I had been standing transfixed through all this. What should I do? Would Judith actually have the audacity to try to harm him? In an Agatha Christie novel, I remembered, a murderer used a hypodermic needle to inject poison into soft chocolates. Judith would certainly have access to syringes.

“Mrs. Dee? I hate to eat alone,” he said, holding out the box,. “Oh, and, er—Ms. Swanson?”

“Hm?” Hester, who had wandered in from the kitchen, was leafing through a new magazine from the stack of mail on a side table. “No thanks.”

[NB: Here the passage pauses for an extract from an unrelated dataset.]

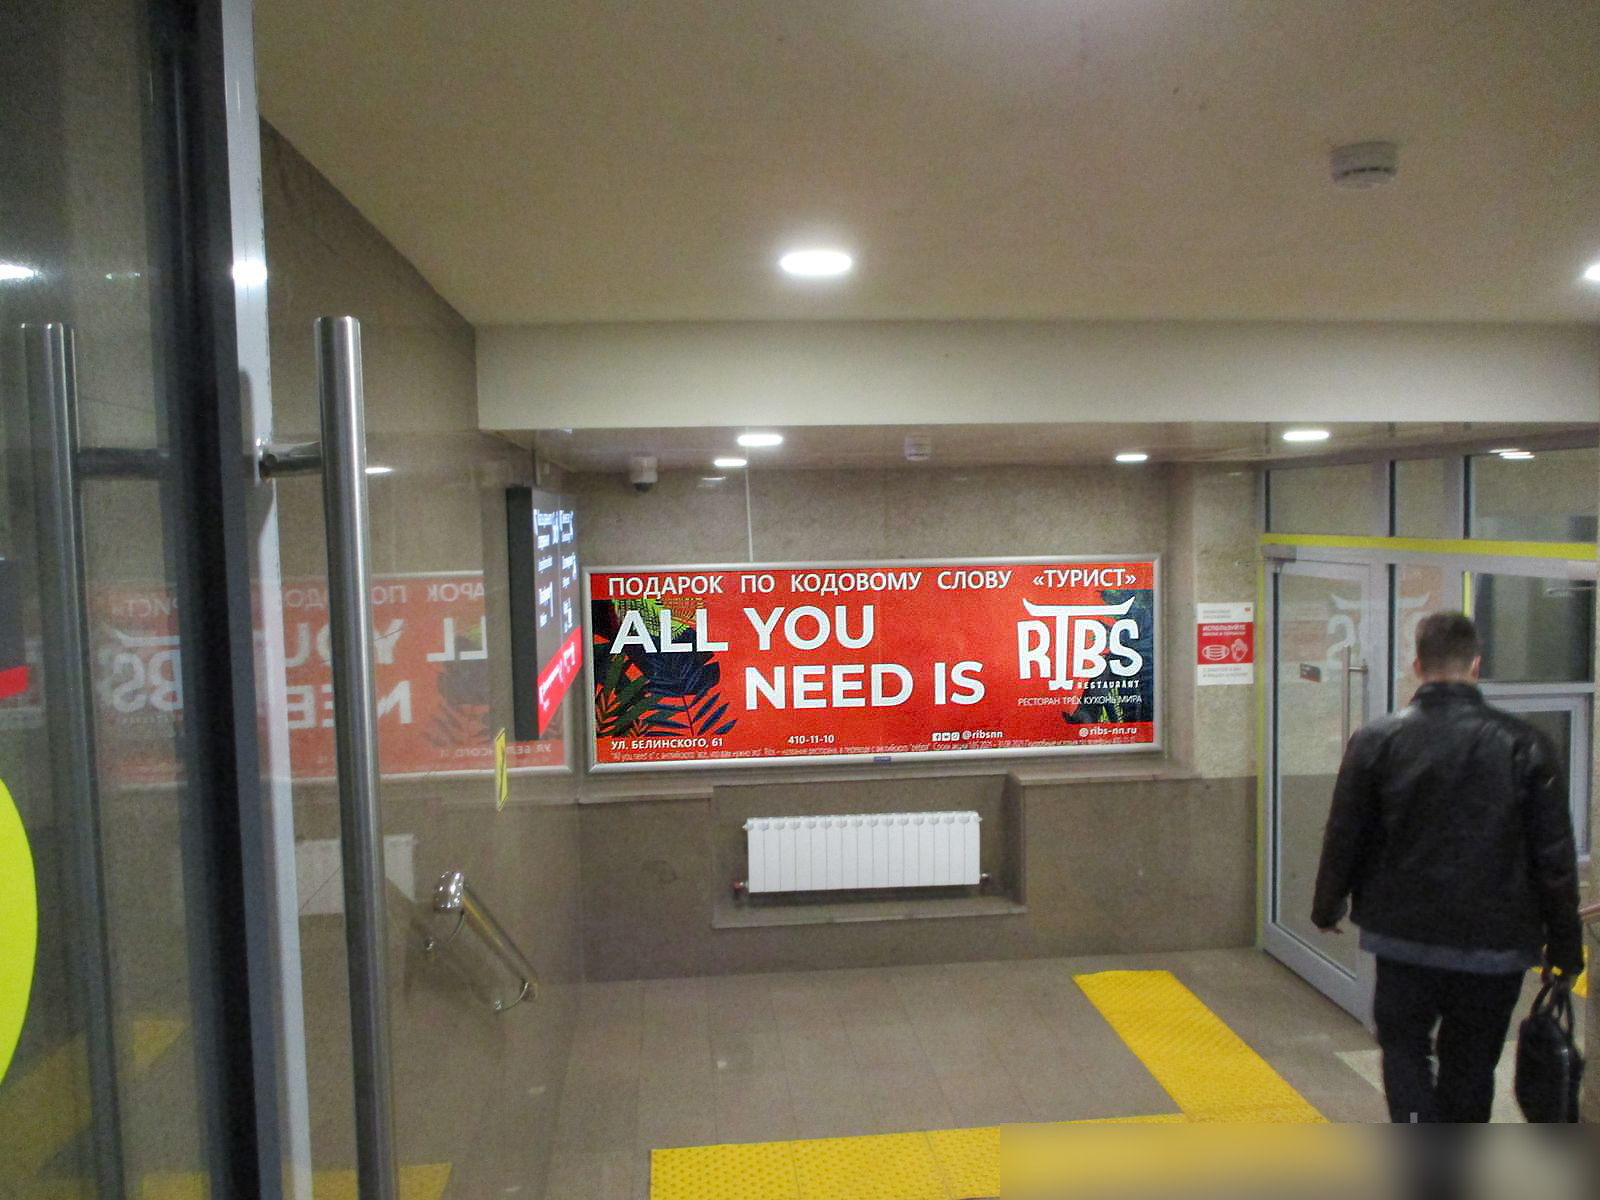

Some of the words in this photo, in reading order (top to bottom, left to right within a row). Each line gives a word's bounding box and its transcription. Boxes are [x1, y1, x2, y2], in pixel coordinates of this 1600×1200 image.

“Well, maybe this little coated almond,” Judith said, reaching for her selection and popping it into her mouth. “I just wanted to thank you,” she said, picking up her purse and heading for the door.

Why was she so anxious to leave? Did she want to be gone before anything happened?

Vern followed her, holding the huge open box on one arm. “It was awful nice of you,” he said, his hand poised over a large coconut-filled confection.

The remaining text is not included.